## [EXERCISE OBJECTIVE]
Here the job is to retype the data word for word while leaving the pictures aside.

## [EXTRACTED ENTRIES]
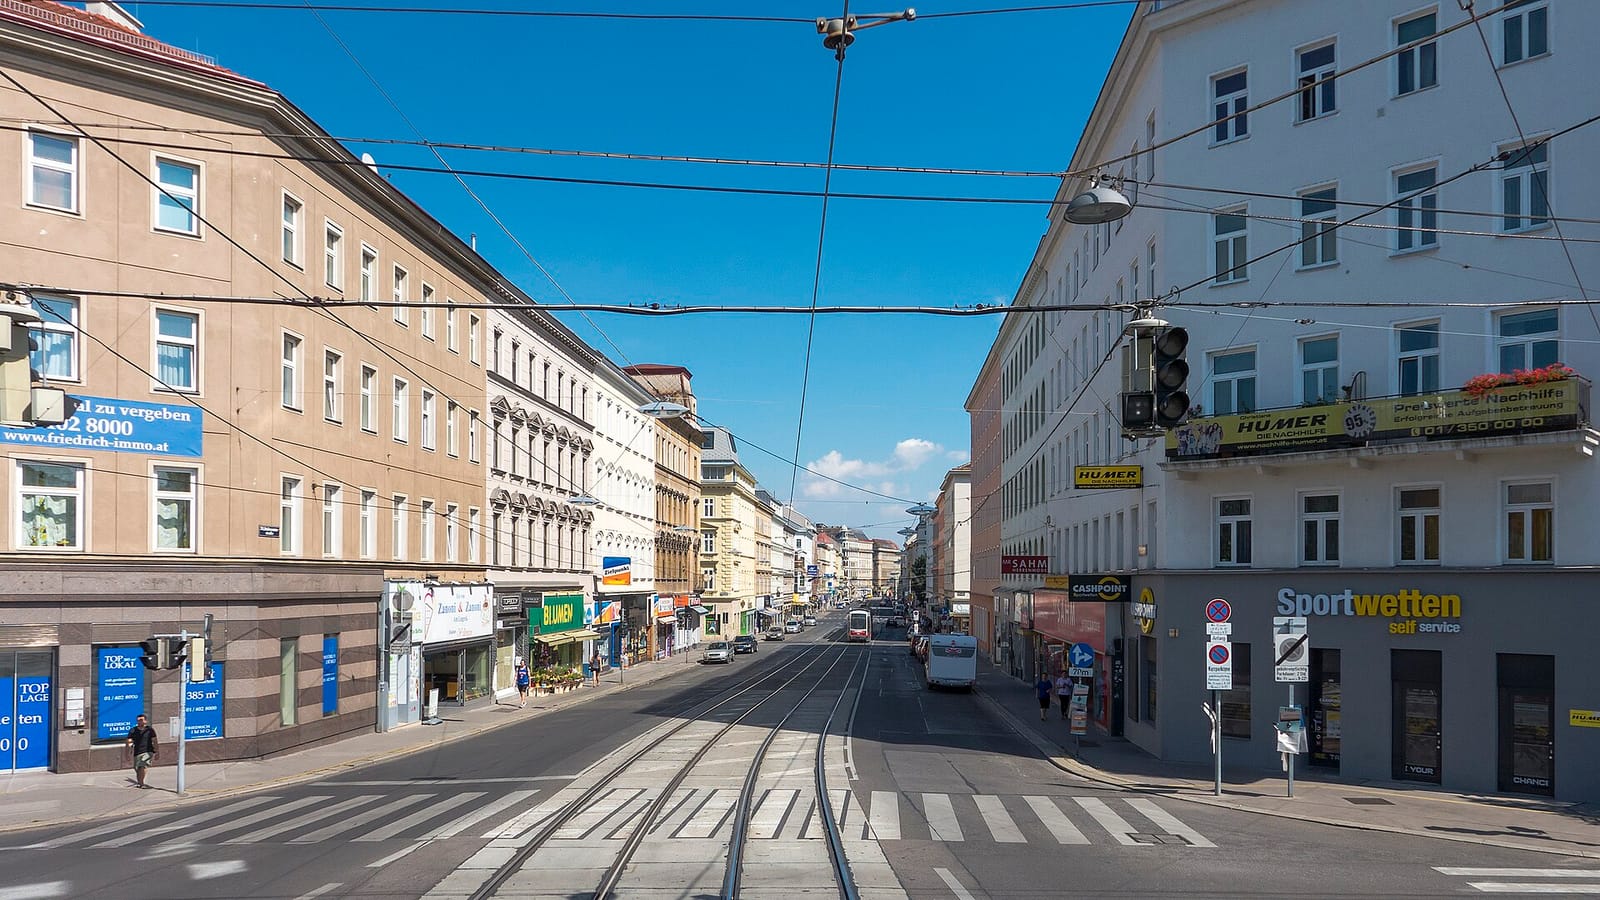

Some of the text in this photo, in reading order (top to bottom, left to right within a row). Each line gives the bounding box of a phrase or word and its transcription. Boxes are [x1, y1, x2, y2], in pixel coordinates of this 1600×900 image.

[1486, 389, 1563, 404] Nachhilfe
[95, 404, 116, 414] zu
[120, 404, 190, 422] vergeben
[86, 418, 133, 436] 8000
[1238, 415, 1327, 433] HUMER
[1494, 419, 1515, 430] 00
[1522, 417, 1544, 428] 00
[4, 431, 169, 452] www.friedrich-immo.at
[1079, 471, 1137, 479] HUMER
[1012, 559, 1047, 568] SAHM
[1072, 584, 1128, 593] CASHPOINT
[1277, 588, 1462, 617] Sportwetten
[544, 604, 574, 625] BLUMEN
[1389, 620, 1461, 634] self service
[104, 655, 123, 664] TOP
[20, 683, 50, 694] TOP
[20, 694, 49, 702] LAGE
[187, 691, 204, 700] 385
[1411, 766, 1434, 775] YOUR
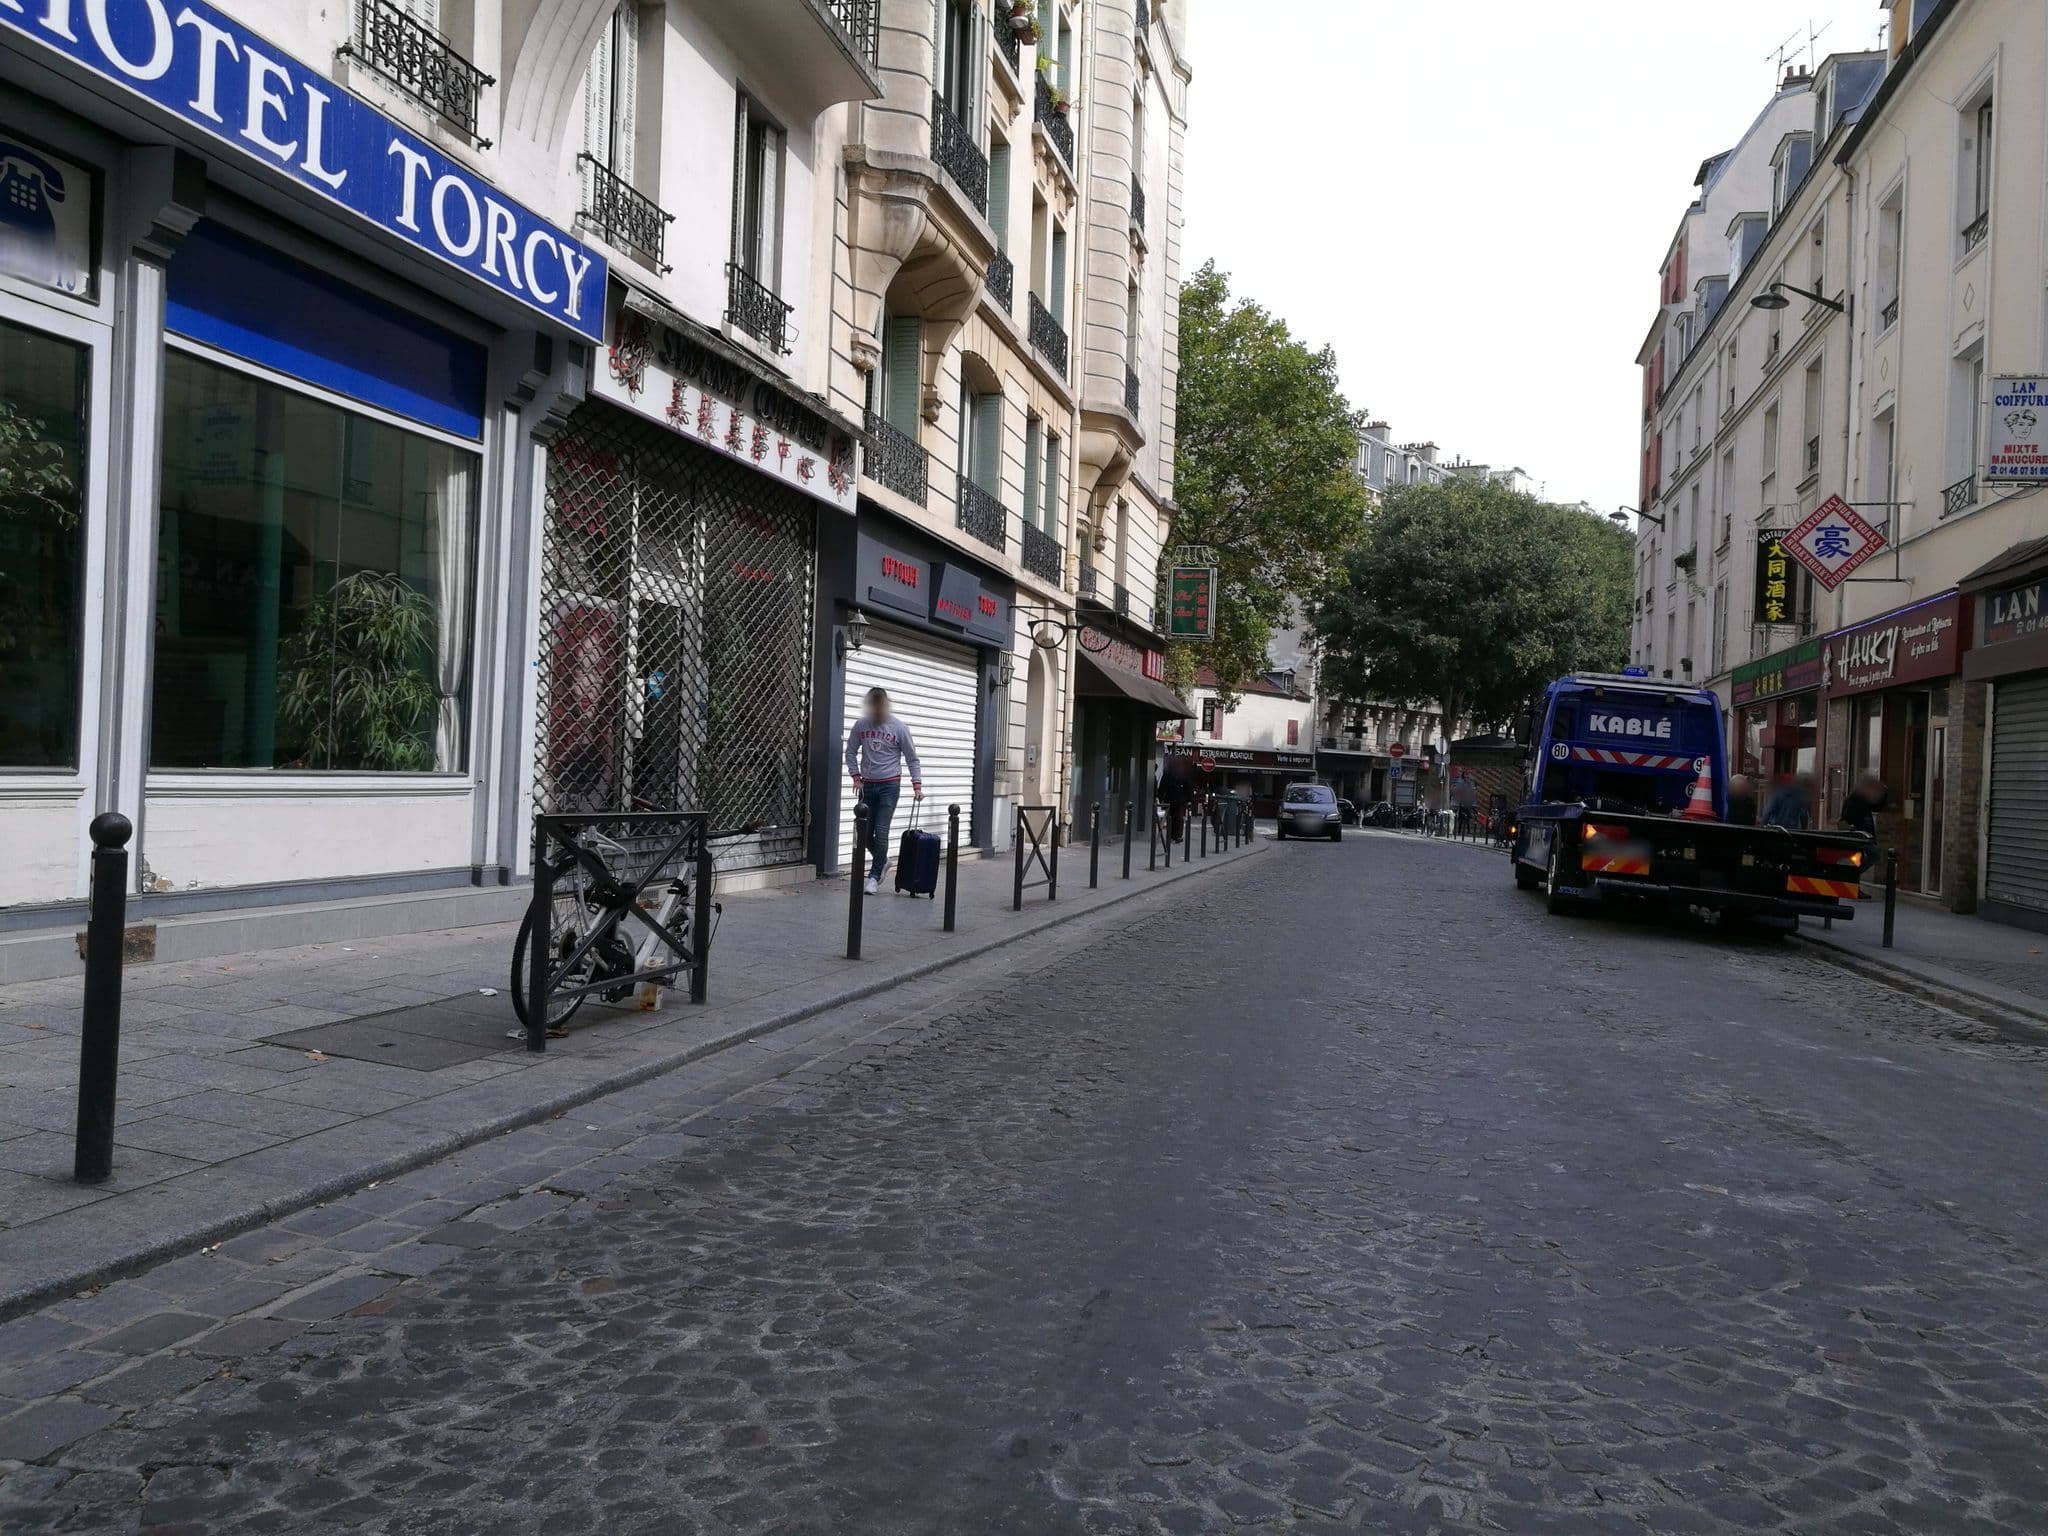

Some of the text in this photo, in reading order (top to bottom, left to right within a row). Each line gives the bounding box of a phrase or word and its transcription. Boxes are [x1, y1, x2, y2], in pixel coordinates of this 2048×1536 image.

[388, 138, 592, 320] TORCY
[2012, 382, 2036, 393] LAN
[2004, 444, 2038, 454] MIXTE
[1992, 455, 2048, 464] MANUCURE
[1815, 524, 1853, 559] 豪
[882, 555, 919, 588] OPTIQUE
[1994, 586, 2040, 624] LAN
[860, 729, 897, 744] BENFICA
[1589, 715, 1672, 739] KABLÉ
[1554, 745, 1567, 758] 80

## [OUTPUT FOR THIS EXERCISE]
Some of the text in this photo, in reading order (top to bottom, left to right within a row). Each line gives the bounding box of a phrase or word and its transcription. Boxes are [x1, y1, x2, y2], in pixel coordinates of this 1600×900 image.

[1486, 389, 1563, 404] Nachhilfe
[95, 404, 116, 414] zu
[120, 404, 190, 422] vergeben
[86, 418, 133, 436] 8000
[1238, 415, 1327, 433] HUMER
[1494, 419, 1515, 430] 00
[1522, 417, 1544, 428] 00
[4, 431, 169, 452] www.friedrich-immo.at
[1079, 471, 1137, 479] HUMER
[1012, 559, 1047, 568] SAHM
[1072, 584, 1128, 593] CASHPOINT
[1277, 588, 1462, 617] Sportwetten
[544, 604, 574, 625] BLUMEN
[1389, 620, 1461, 634] self service
[104, 655, 123, 664] TOP
[20, 683, 50, 694] TOP
[20, 694, 49, 702] LAGE
[187, 691, 204, 700] 385
[1411, 766, 1434, 775] YOUR

Some of the text in this photo, in reading order (top to bottom, left to right within a row). Each line gives the bounding box of a phrase or word and its transcription. Boxes are [x1, y1, x2, y2], in pixel coordinates of this 2048×1536 image.

[388, 138, 592, 320] TORCY
[2012, 382, 2036, 393] LAN
[2004, 444, 2038, 454] MIXTE
[1992, 455, 2048, 464] MANUCURE
[1815, 524, 1853, 559] 豪
[882, 555, 919, 588] OPTIQUE
[1994, 586, 2040, 624] LAN
[860, 729, 897, 744] BENFICA
[1589, 715, 1672, 739] KABLÉ
[1554, 745, 1567, 758] 80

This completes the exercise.